My dad wants me to be a lawyer, but as GOD will have it, I got into acting through his best friend.
Late Leke Ajao (Kokosari) was my dad’s friend. He will come to our house with Araosan as his apprentice then @ 38, Lagos Street Ebute metta in Lagos State,
Baba Kokosari introduced me to acting in 1977 then I was still in secondary school, Nigeria Peoples High school, Kano Street, Ebute Metta. Then we all used to assembled @ Simpson/Glover street (Domicillary Center) along with some members of Omo Awode Theater group. However, from Simpson street, we later moved to my school, Nigeria Peoples High School (Nigerpecco), at 40-46 Kano street Ebute metta, where we do practice after the close of school, mostly in the evening. This helped me so much in school as a member of Dramatic Society & that was when Baba Kokosari invited some of us to Village Headmaster Audition, I went, saw and conquer (lol).

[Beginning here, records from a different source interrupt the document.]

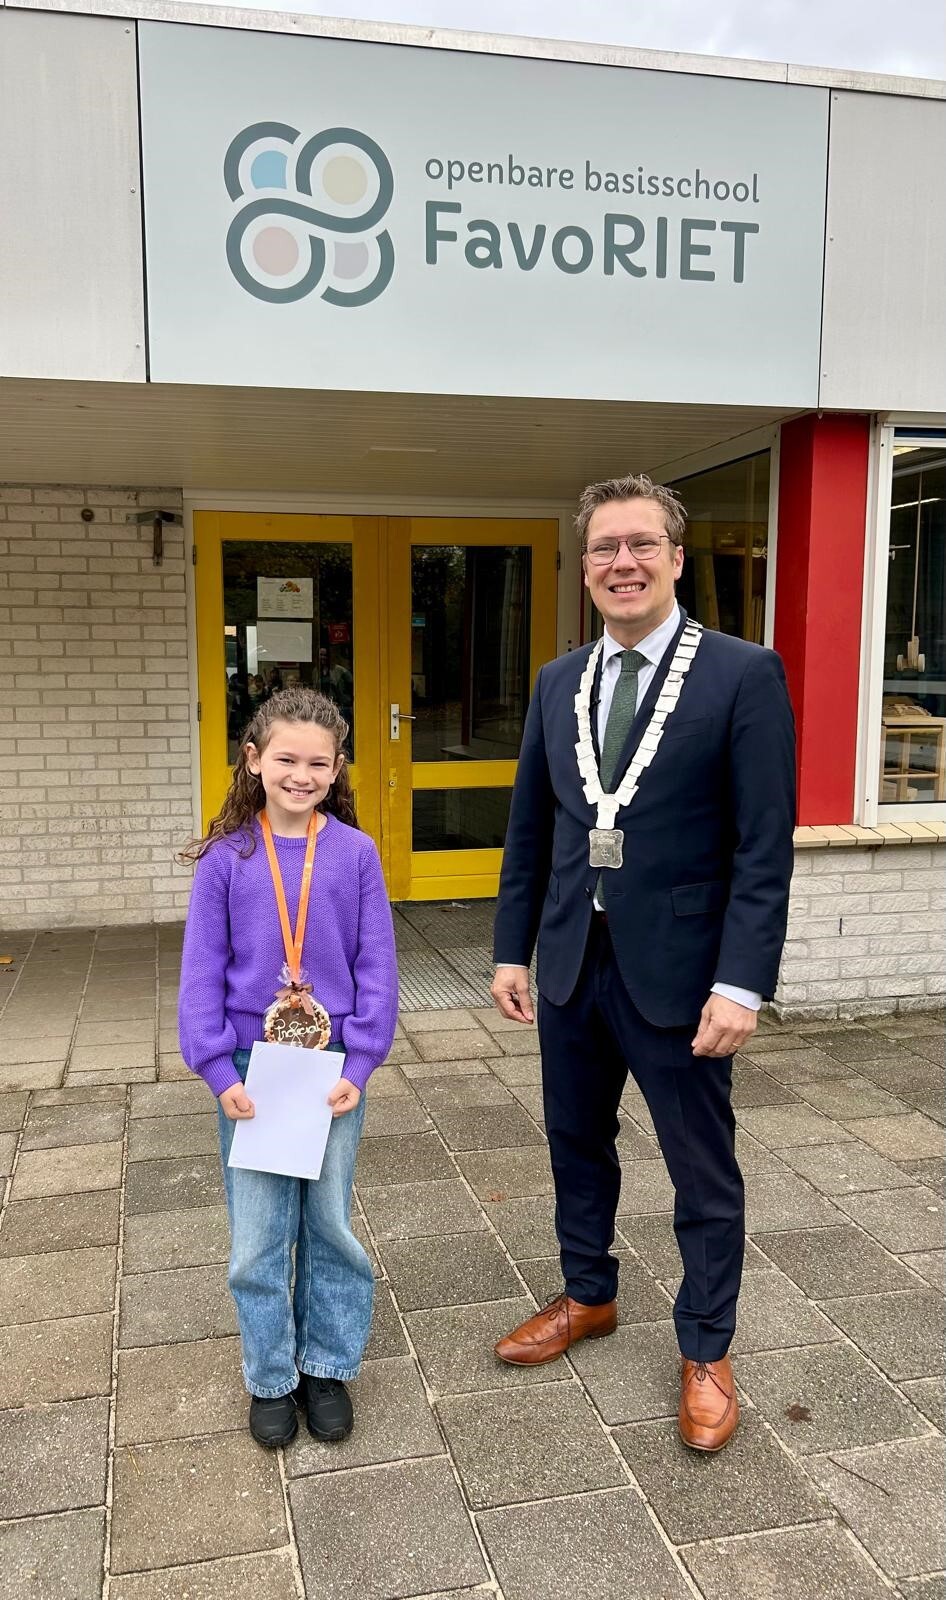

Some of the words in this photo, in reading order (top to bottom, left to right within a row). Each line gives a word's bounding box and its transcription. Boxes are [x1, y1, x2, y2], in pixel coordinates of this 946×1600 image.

[425, 154, 574, 190] openbare
[585, 160, 760, 203] basisschool
[425, 200, 760, 284] FavoRIET
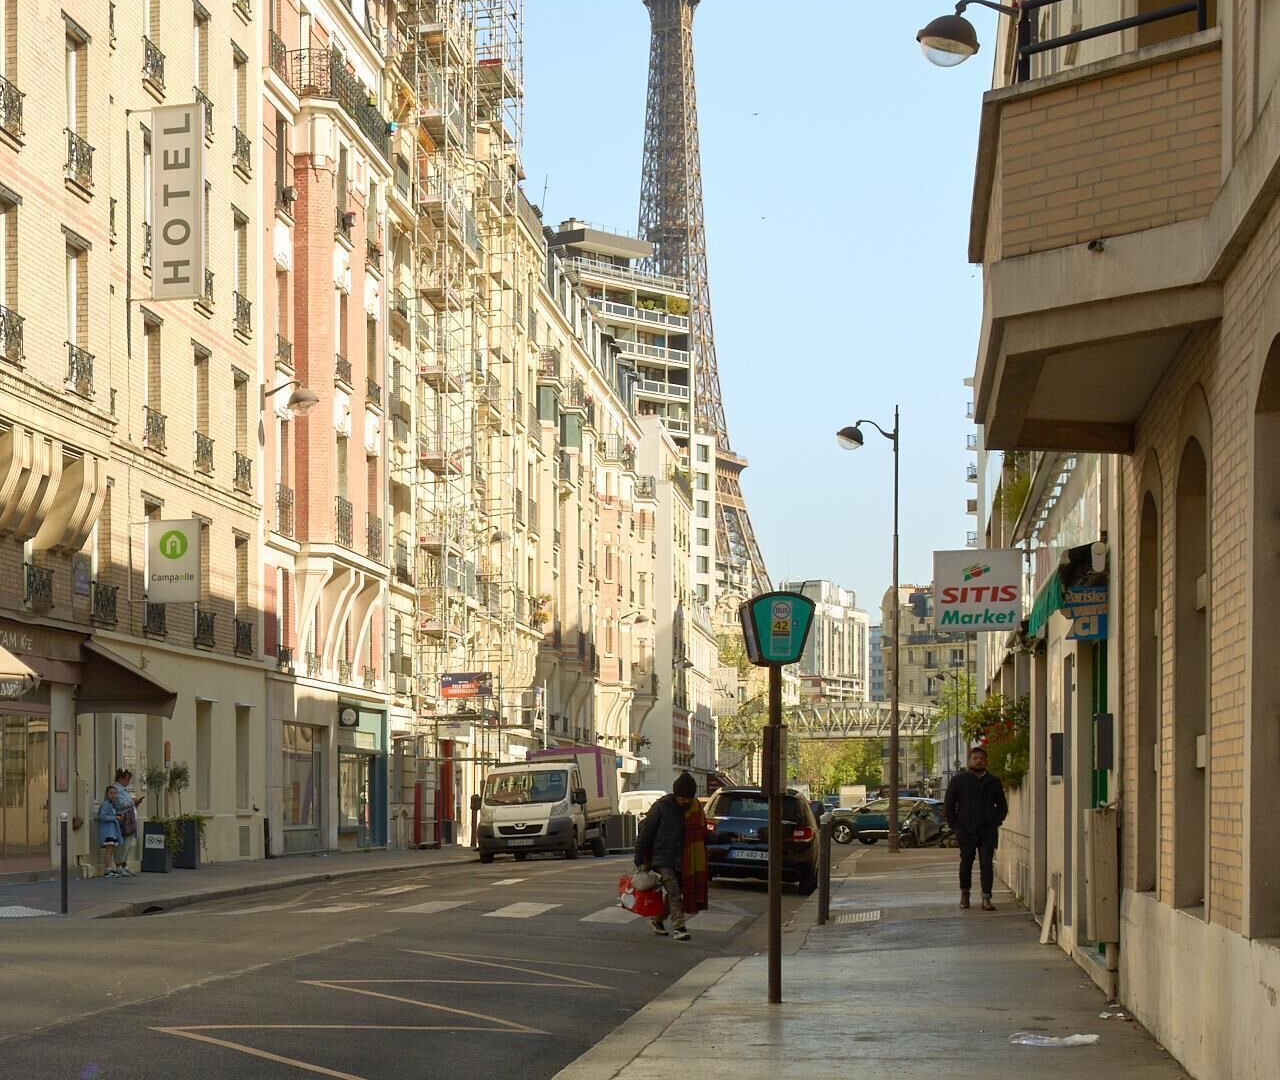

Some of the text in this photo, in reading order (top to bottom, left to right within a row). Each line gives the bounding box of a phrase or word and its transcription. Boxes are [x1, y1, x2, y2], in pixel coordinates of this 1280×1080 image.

[163, 113, 190, 284] HOTEL
[151, 572, 195, 583] Campanile
[941, 585, 1018, 604] SITIS
[775, 606, 789, 614] BUS
[941, 608, 1017, 625] Market
[774, 621, 788, 631] 42

To my uttermost surprise, I got a role & became part & parcel of Village Headmaster where I met my darling sister Funke Adepegba. I was much into Village Headmaster & some Nigeria Television Authority (NTA) soap like SPACS created by DANLADI BAKO & Tales by Moonlight etc. By the time the Village Headmaster was rested in 90s, I was in the working class, so I was on & off in the acting. Thou, I was still getting jobs through Late Justus Esiri and Enebeli Elebua who really believe in me (both I met while in Village Headmaster.
I came back fully into acting in 1994 through Late Muyideen Agboola Alade Aromire, whom I met a PR meeting and he invited me, the rest is now “A GLORIOUS STORY”
When did you leave d shore of Nigeria?
“Finally 2003”
Is Aderonke married?
NO but not searching!
Your acting career, how many movies apart from soap have you done so far?
Countless!
Can you name a few?
Ashabi Olorisha, Why me?, Oyin ni, Oke Langbodo, Akeweje, Ebiti, Imported lomo, Omo ya’lo, America Jollomy, Angelina, Olaniyonu, Alani Canselor, Malomo, Ewe ori-Omo… & More More
Which out of all the movies brings you into limelight?
“Ashabi Olorisha”
Ashabi Olorisha on location in USA
Ashabi olorisha was released when?
Year 2000
After Ashabi Olorisha you moved to London, what went down in London?
Yes, GOD founded the “Then ANTP”, London through me & many hiding talents and stars were discovered.
And what has ANTP been up to in London?
Then, it was accepted by all Africans in UK even the Nigeria Embassy recognized us.
I learn you have a son, how old is he?
Yes, He’s 21. His name is Michael Oluwaseun Opeyemi
Is he a British citizen?
Yes, but born in Nigeria
Ashabi Olorisha steps out
What is he doing in UK? Moreso, seem you live in the USA, What’s the separation all about?
He is a footballer & he’s still in school.
I live in USA thou. When I was relocating to U.S, he refused to come with me because he has been more into his football career, moreso, he loves UK because of its low rate of youth crime compare with U.S
What is Ashabi Olorisha’s next project in the USA and is she thinking of coming home soon?
Ashabi is coming home next year (2016) by GOD’s grace for a “Blockbuster movie & A Project”
Can you let the cat out of the bag a little, what’s the project all about?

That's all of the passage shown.